Phrase grounding data:
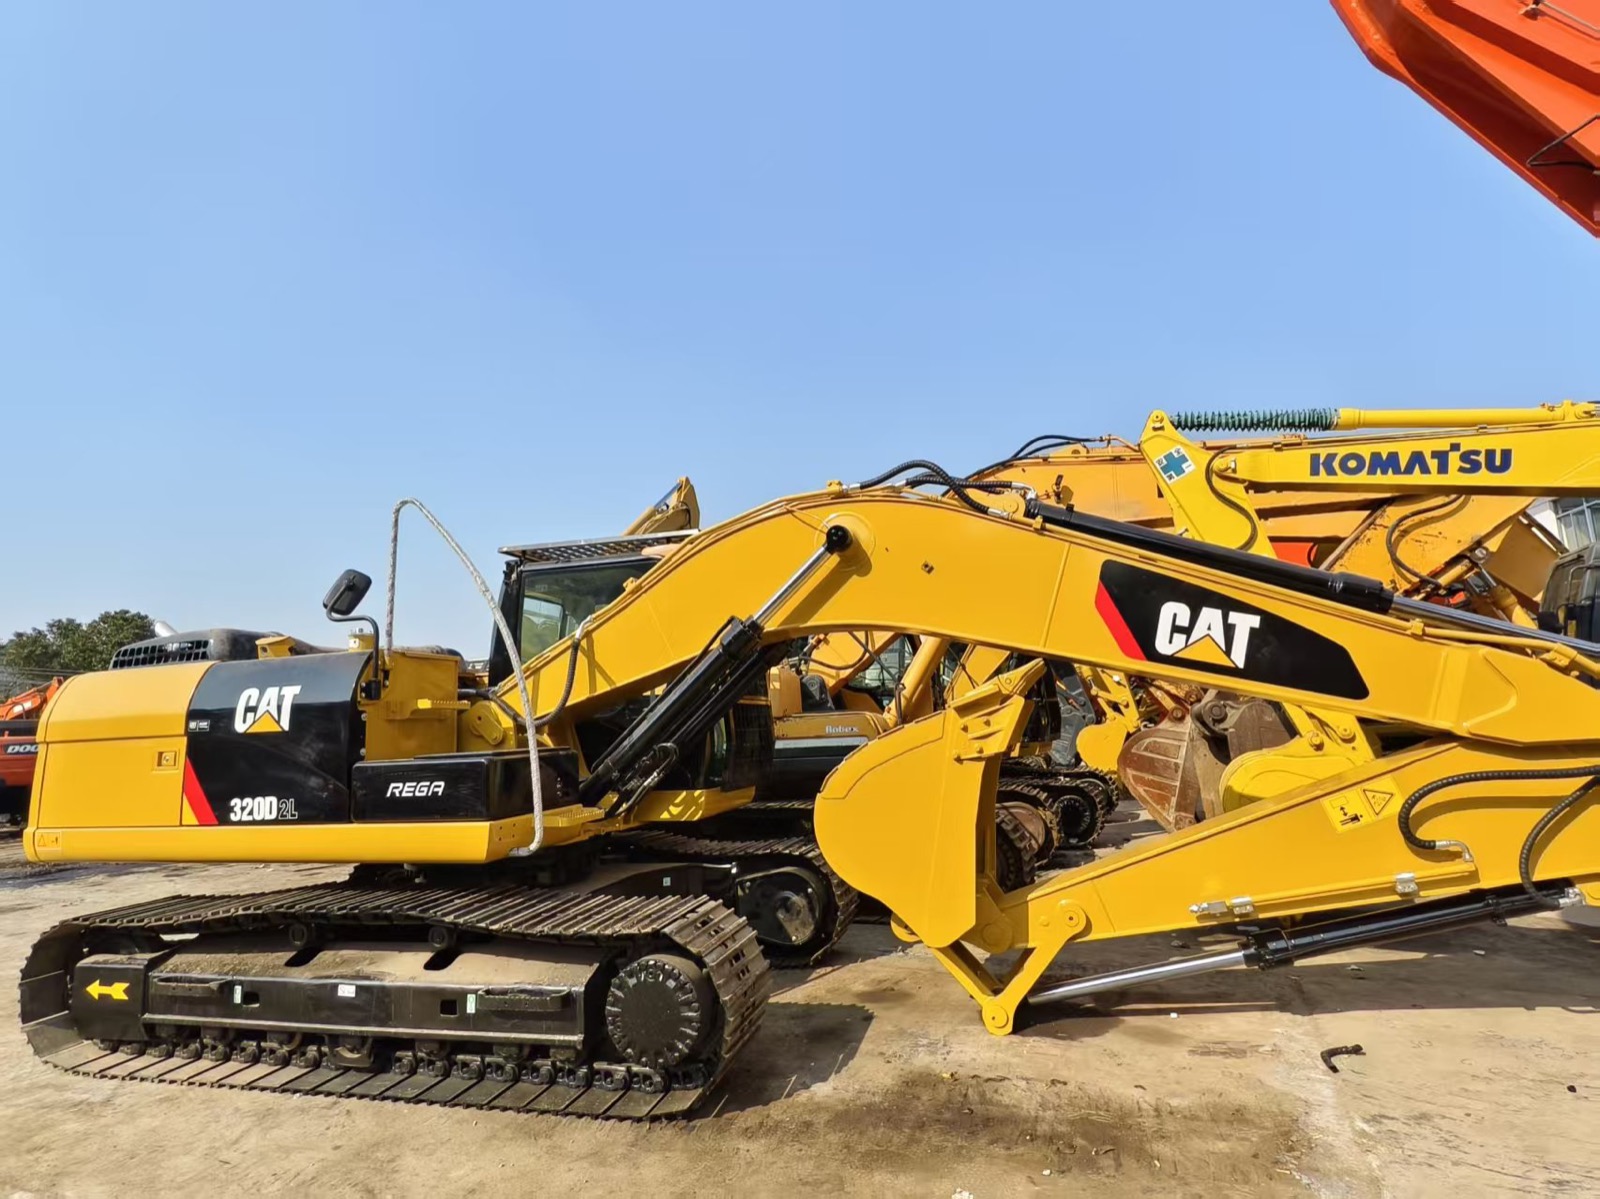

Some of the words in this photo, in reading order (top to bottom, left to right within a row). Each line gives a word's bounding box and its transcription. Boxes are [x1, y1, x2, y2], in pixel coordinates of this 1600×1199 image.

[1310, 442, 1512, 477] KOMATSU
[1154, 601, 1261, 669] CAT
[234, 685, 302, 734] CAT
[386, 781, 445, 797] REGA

TASK BRIEF ▸ Could you transcribe all of the data exactly and omit the pictures?

RESULT OF THE EXERCISE ▸
Some of the words in this photo, in reading order (top to bottom, left to right within a row). Each line gives a word's bounding box and its transcription. Boxes are [x1, y1, x2, y2], in pixel coordinates of this 1600×1199 image.

[1310, 442, 1512, 477] KOMATSU
[1154, 601, 1261, 669] CAT
[234, 685, 302, 734] CAT
[386, 781, 445, 797] REGA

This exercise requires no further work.